さて前回「祝!泉里香さん大河ドラマ出演特別企画『正直不動産2』全話レビューやります」なんてことを前回、勢いに乗って書いてしまった。
でも実は、ずっとレビューしていたWOWOWの『眼の壁』も、次にレビューを予定している北川景子×吉岡里帆の『湊かなえ 落日』もシリアスな話なので、いったん『正直不動産2』で息抜きしようと、ブルーレイBOXを買ったりして前から用意していたわけ。そこへ泉里香さんの大河出演という話が降ってわいたというだけの話です。

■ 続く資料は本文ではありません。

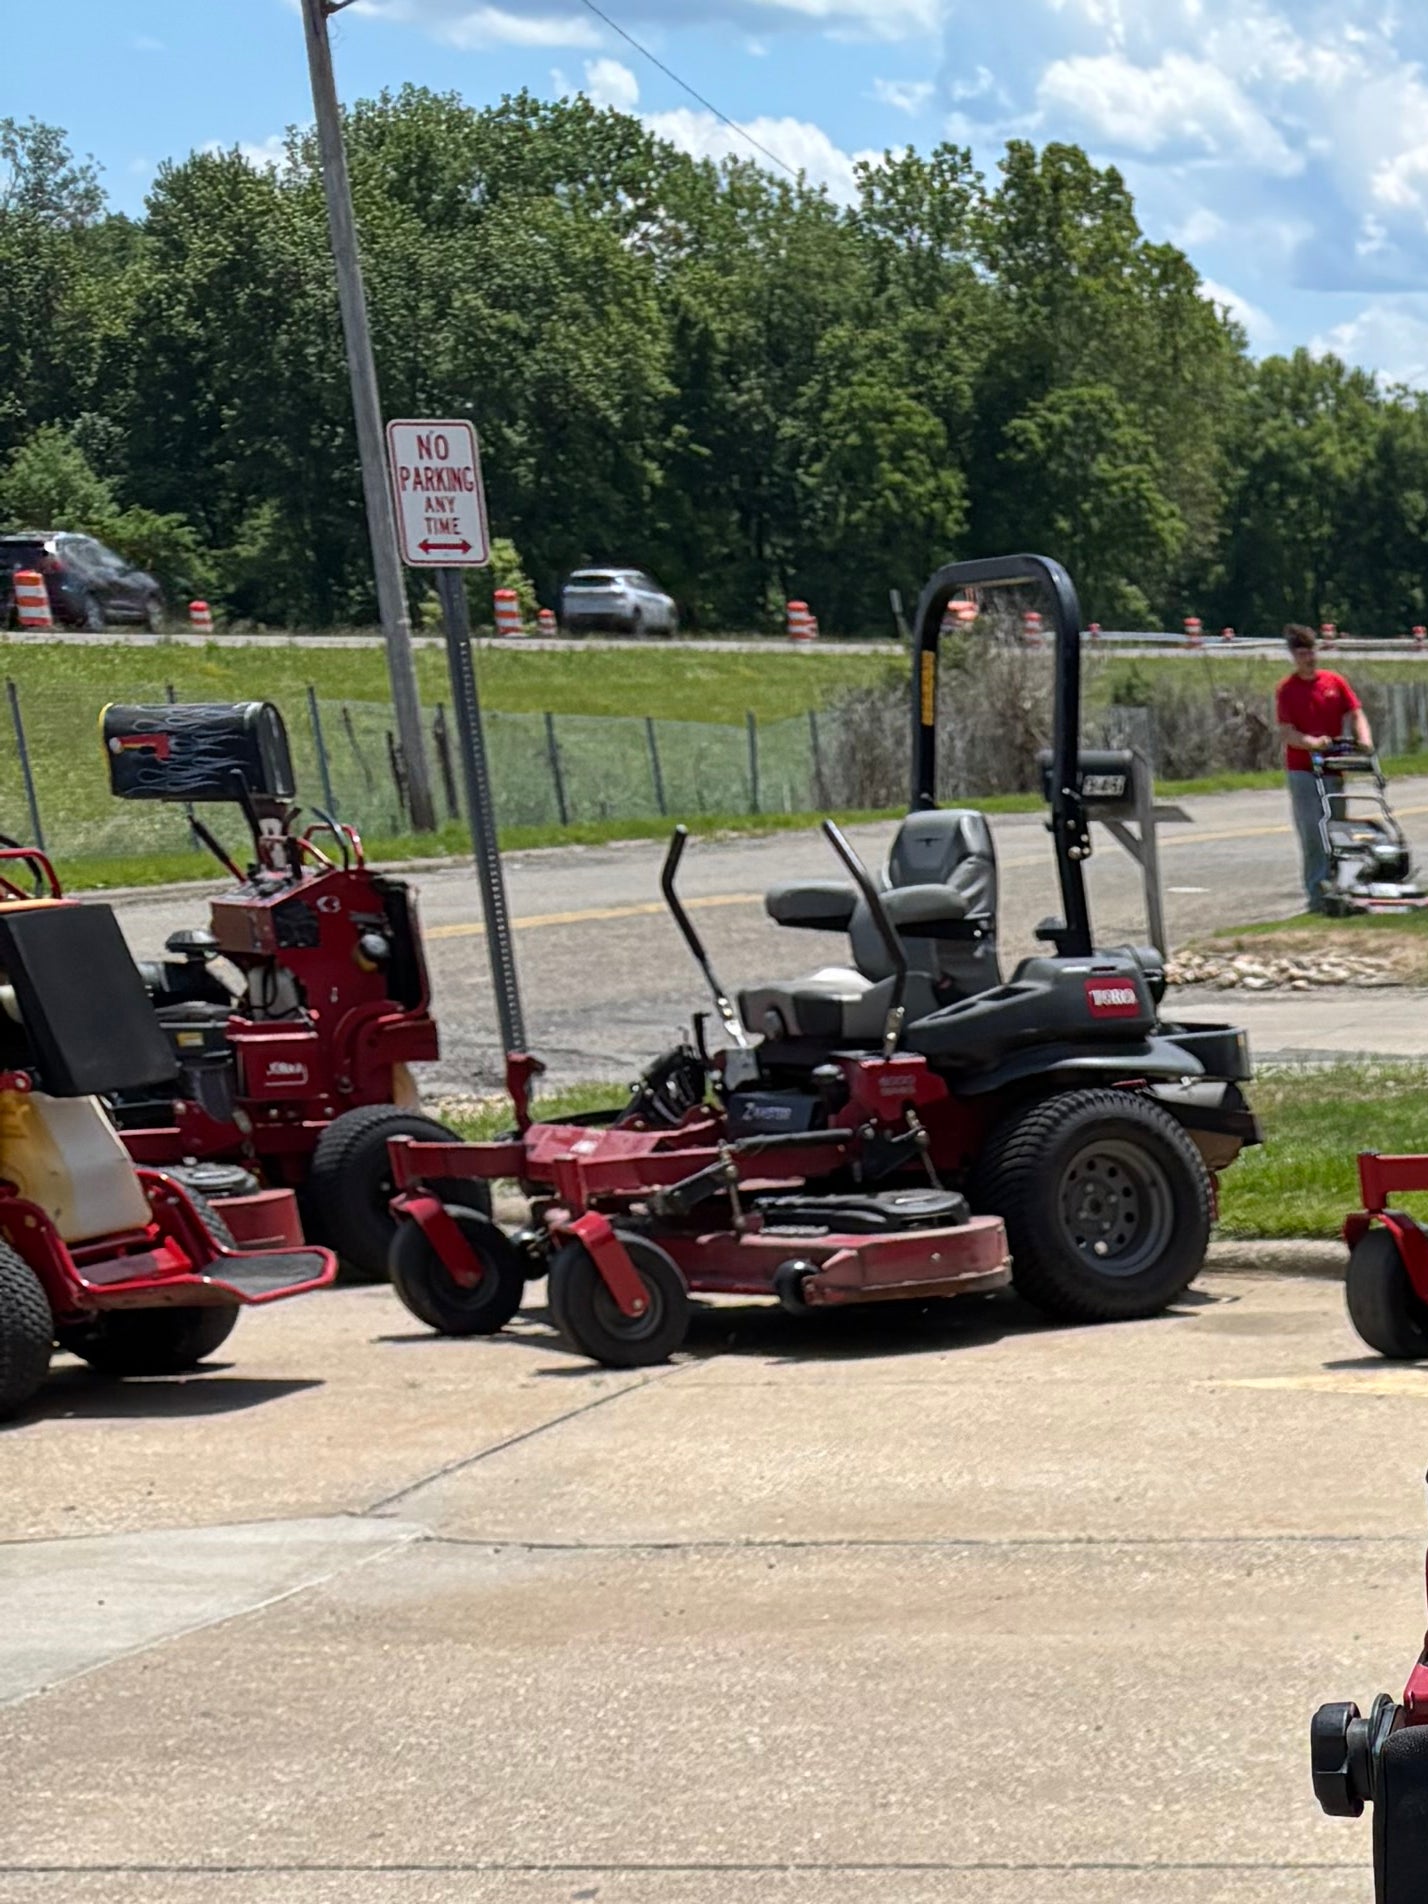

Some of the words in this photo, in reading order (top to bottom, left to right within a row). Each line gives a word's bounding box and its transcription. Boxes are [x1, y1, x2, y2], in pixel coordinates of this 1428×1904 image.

[416, 434, 449, 460] NO
[400, 466, 474, 492] PARKING
[424, 496, 456, 513] ANY
[424, 517, 462, 535] TIME

泉里香さんネタはほかにも『ギフテッド』『密告はうたう』とあるんだが、どれもやっぱりキャラが重いので、やっぱり『正直不動産2』をこれから毎回1話ずつ、あくまで泉里香出演場面を中心に、サクサクっと楽しんでいきたいと思いますので、よろしく。
でも『光る君へ』といえば、ほかにもいろいろ個人的に応援したい人が出ている。ファーストサマーウイカだって、よくぞここまで来たと思うが、ひとまず、いまは三人だけ挙げておくね。みなさま大河ドラマ御出演、おめでとうございます。

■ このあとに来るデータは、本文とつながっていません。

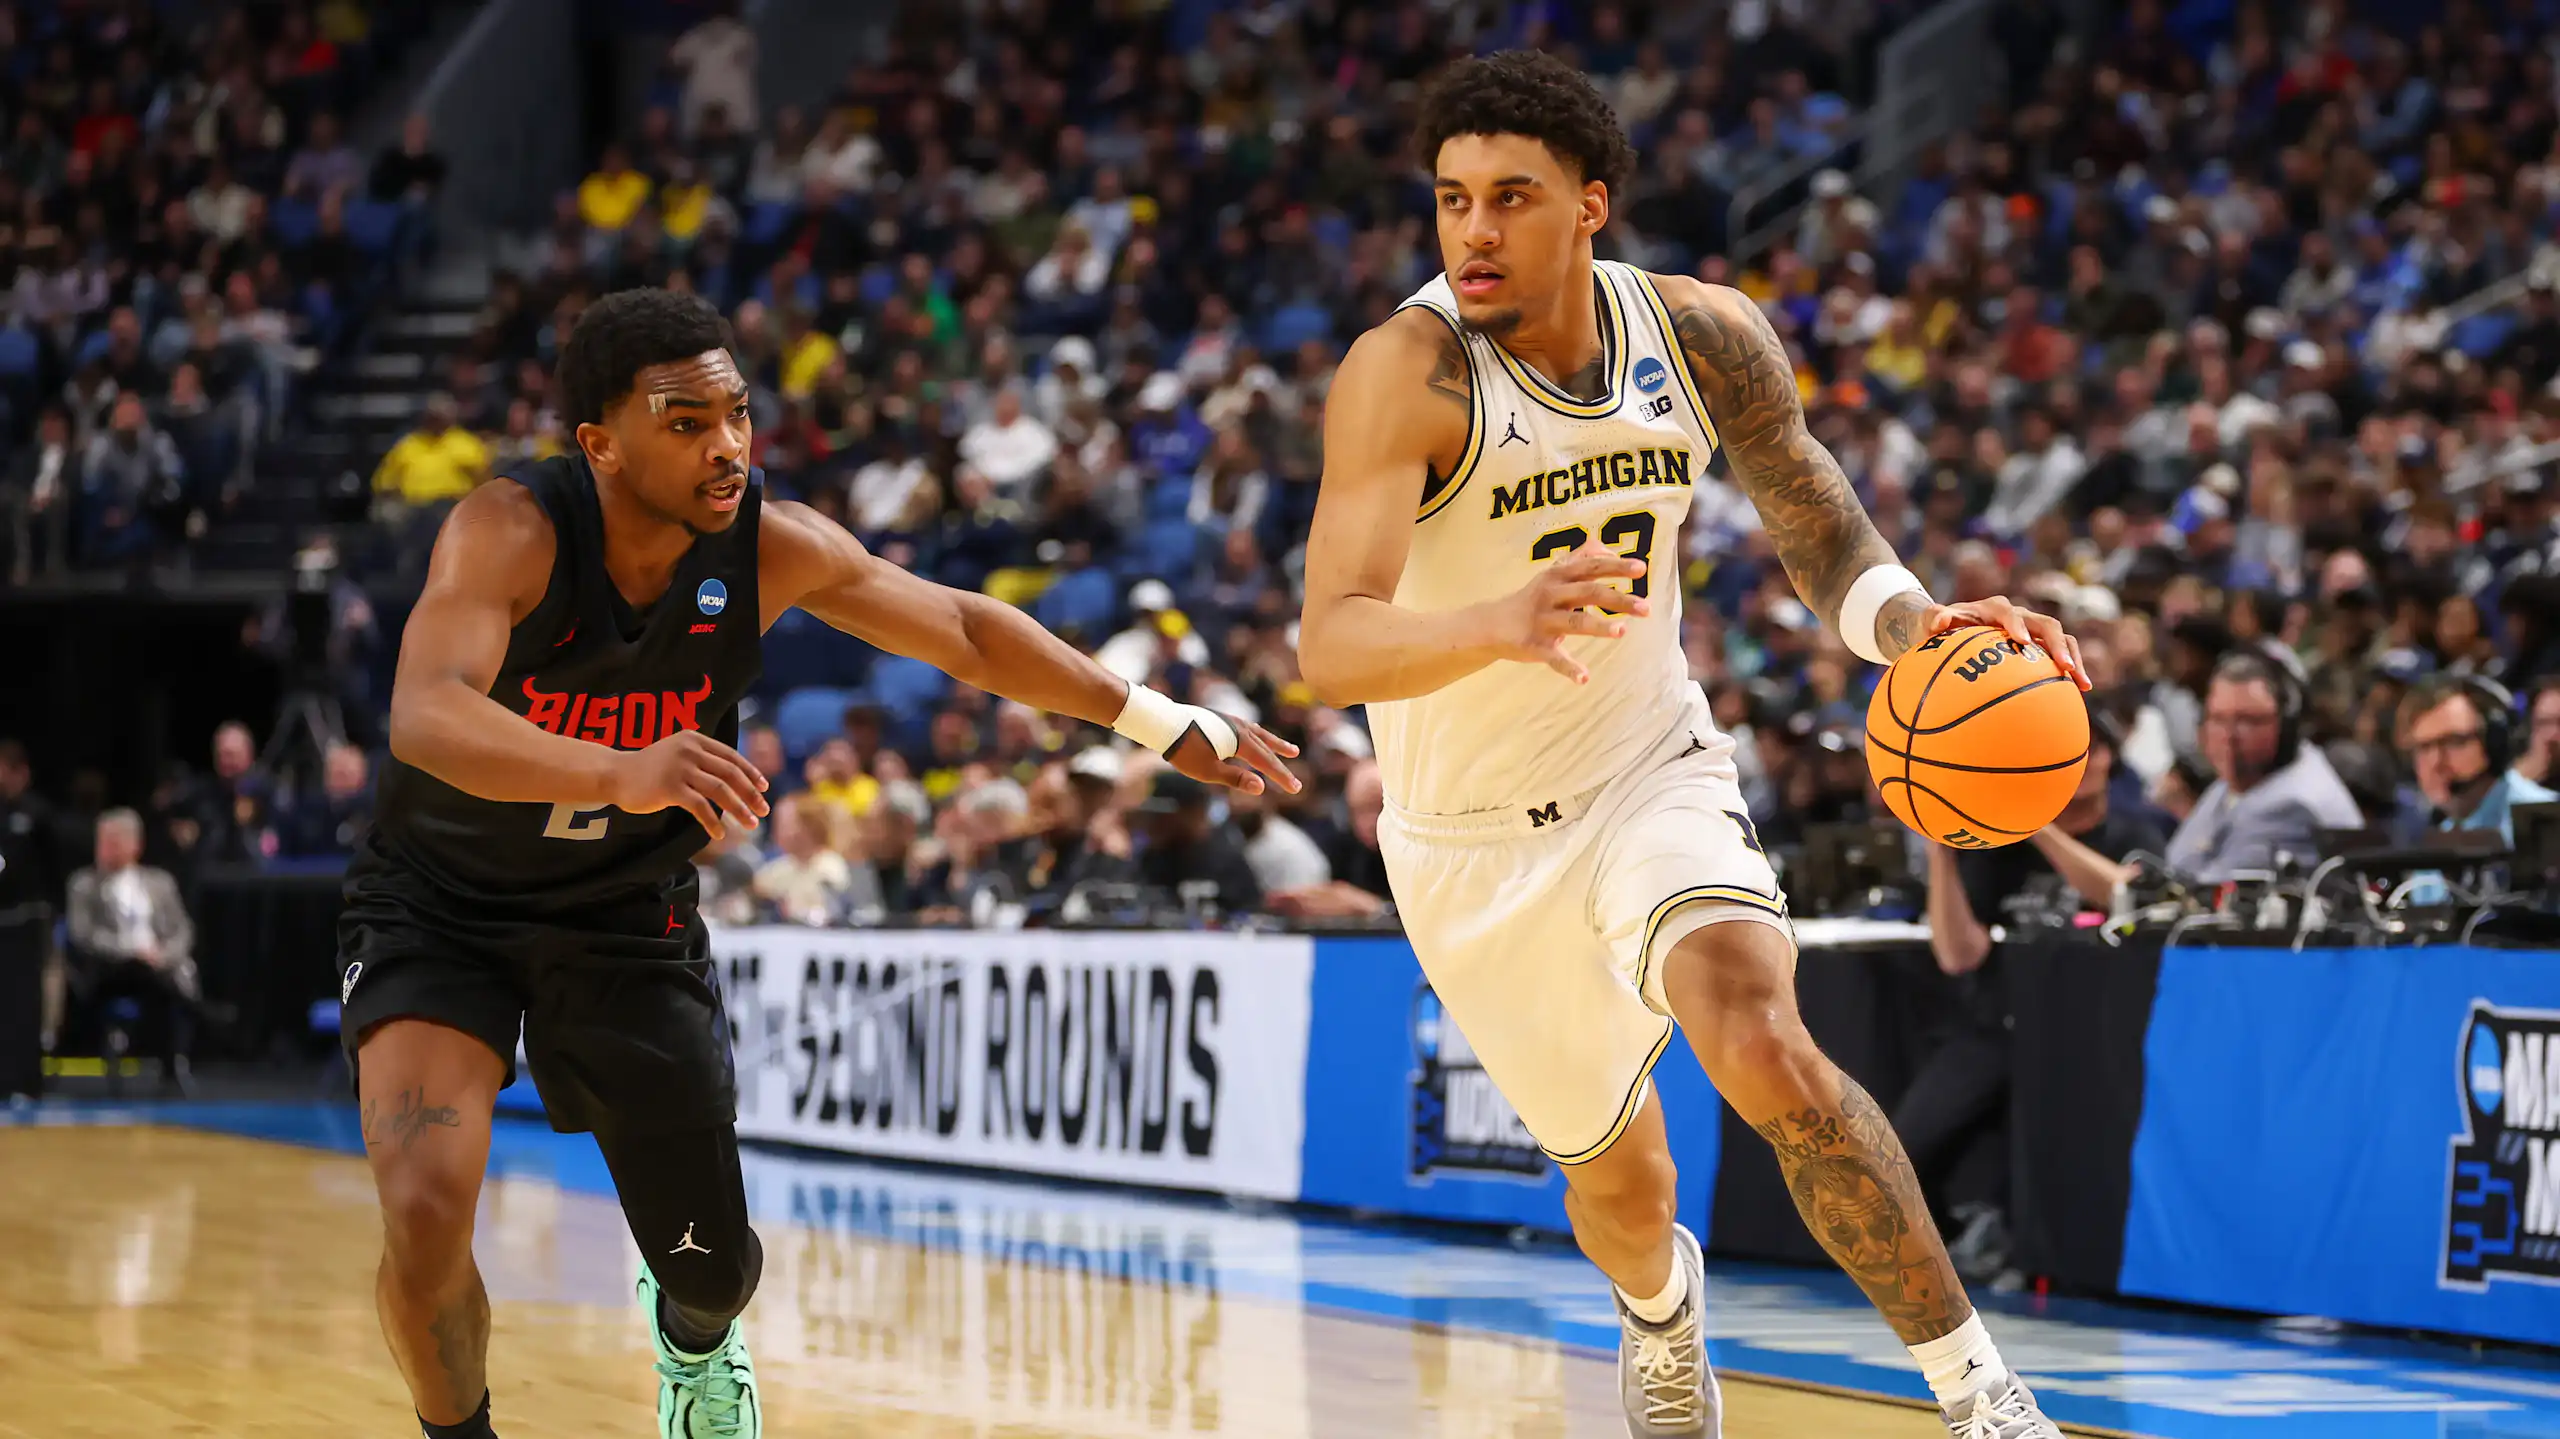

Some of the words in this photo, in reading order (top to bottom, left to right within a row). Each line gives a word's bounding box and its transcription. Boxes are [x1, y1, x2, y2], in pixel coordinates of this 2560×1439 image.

[1638, 369, 1665, 388] NCAA
[1488, 448, 1692, 520] MICHIGAN
[700, 594, 725, 608] NCAA
[522, 673, 712, 752] BISON
[1527, 801, 1562, 828] M
[794, 955, 964, 1136] SECOND
[983, 962, 1220, 1157] ROUNDS

本題に戻って『正直不動産2』、まず今回は第1話「帰ってきた正直不動産」の御紹介。里香さんの出番はめちゃくちゃ少ないので、基本登場人物をおさらいしておきましょう(2024年1月9日、原作:大谷アキラ・夏原武・水野光博/脚本:野本ノンジ/照明:長谷川誠/撮影:山﨑一央/演出:川村泰祐/プロデューサー:樋渡典英・室谷拡/制作:NHKエンタープライズ/制作・著作:NHK・テレパック)。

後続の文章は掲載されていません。